Case Studies

Case Study I. A full-scale integrated natural system has been used to treat high-strength potato processing water for 2 years [34]. The integrated natural system consists of free water surface and vertical flow wetland, and a facultative storage lagoon. Wetland components were designed for sequential treatment of the wastewater. Wastewater is pumped from a primary clarifier to ten hectares of free water surface wetlands constructed for sedimentation and mineralization of wastewater (W1/W2). The process water from the W1/W2 wetlands is sprayed onto 4 hectares of vertical flow wetland (W3) for oxidation of carbon and nitrogen. These wetlands were filled with 0.9 m of a local sand (D50=2.6 mm) excavated on site. These vertical flow wetlands were operated as intermittent sand filters with duty cycles of 6-72 hours. They were not planted with Phragmites australis due to poor growth when sprayed with the wastewater [15]. Water flows by gravity from the W3 into 2 hectares of denitrifying free water surface wetlands (W4). Raw process water is supplemented to augment denitrification in the wetlands. Treated process water flows into a 0.48 million m3 lagoon (126 million gallon), which provides facultative treatment and storage prior to land application (Fig. 12).

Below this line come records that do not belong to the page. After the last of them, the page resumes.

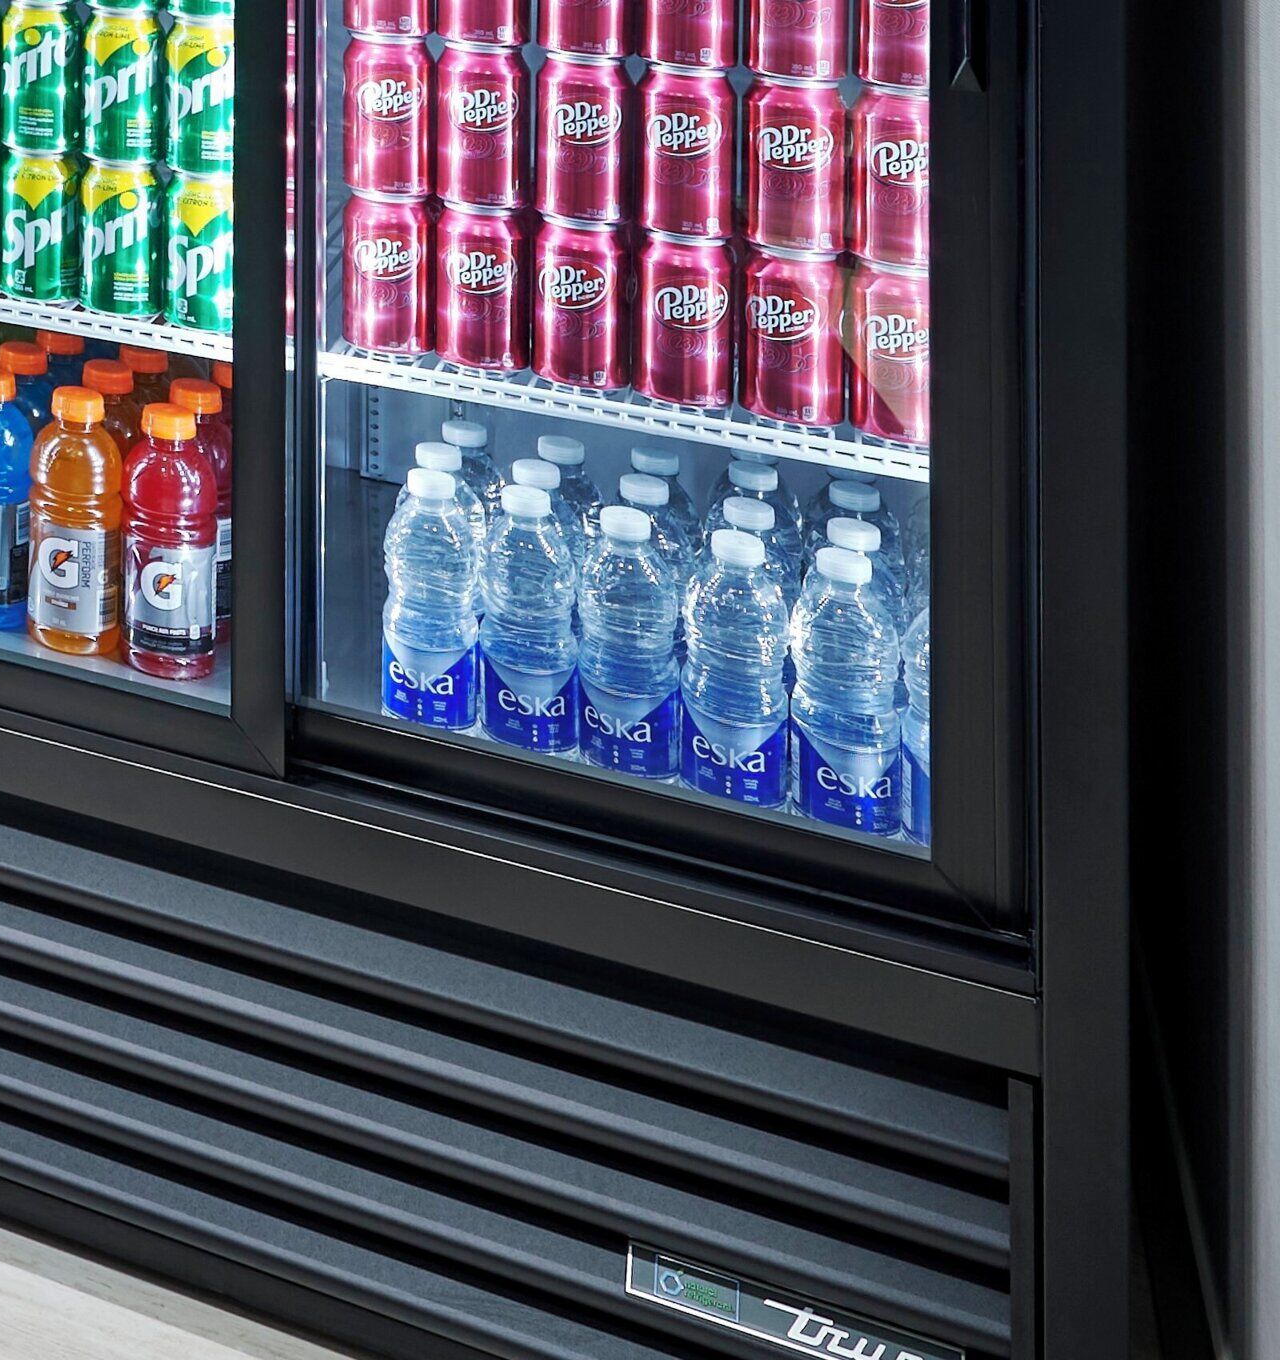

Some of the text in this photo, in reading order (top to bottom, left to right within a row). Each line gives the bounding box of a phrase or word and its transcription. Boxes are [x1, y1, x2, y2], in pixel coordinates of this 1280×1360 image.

[758, 127, 827, 164] Pepper
[783, 125, 811, 143] Dr
[540, 266, 604, 302] Pepper
[559, 266, 587, 283] Dr
[750, 296, 812, 333] Pepper
[767, 296, 795, 312] Dr
[39, 537, 80, 589] G
[81, 541, 91, 589] PERFORM
[141, 561, 183, 611] G
[389, 660, 454, 695] eska
[498, 689, 565, 717] eska
[585, 705, 652, 743] eska
[692, 735, 766, 773] eska
[817, 766, 892, 799] eska

The wetlands were constructed in stages throughout 1994 and 1995 in Connell, Washington. Connell is located centrally in the Colombia Basin, which is an arid agricultural area sustained by irrigation water from the Colombia River. All wetlands were lined with 1.0 mm (40 mil) HDPF liner impregnated with carbon black for UV resistance. All free water surface wetlands had 20-30 cm (8-12 in.) of native soil placed on the liners as soil for Typha sp. and 2 spaces of Scirpus sp.

The wetlands system is designed to treat an annual average flow of 1.4 mgd (approx. 5300 m3/day) of wastewater with an annual average concentration of 3150 mg/L COD, 575 mg/L TSS, 149 mg/L TKN, and 30 ml/L NH4-N. The winter design temperature was 1°C, with the consideration that the flow to the engineered natural system was lower in the winter season, due to operational difficulties in the water supply system.

Regarding the operational results of the integrated natural system, there were excellent reductions of TSS and COD, while organic nitrogen was effectively mineralized. TKN was reduced by about two-thirds, which is the requisite amount for balancing irrigation and nitrogen supply to the crop [15].

The net COD removal through the system was greater than 90% all year round. The W1/W2 wetlands removed about 85-90% of the COD, and 80-90% of the TSS. The average COD loading to the W1/W2 was 0.5 kg/m3-day (31 lb/1000 ft3-day) and 0.3 kg/m3-day (18 lb/1000 ft3-day) for the summer and winter, respectively. This loading rate is similar to the low rate covered anaerobic lagoons used for COD reduction in food processing. The effluent concentrations from the wetlands are lower in COD and TSS than from equivalently loaded covered anaerobic lagoons [35,36].

The effluent TSS from W1/W2 wetlands is consistently less than 75 mg/L. The W1/W2 wetland plants have proven to be very effective in solids removal. The TSS concentration increases in the lagoon due to algae growth.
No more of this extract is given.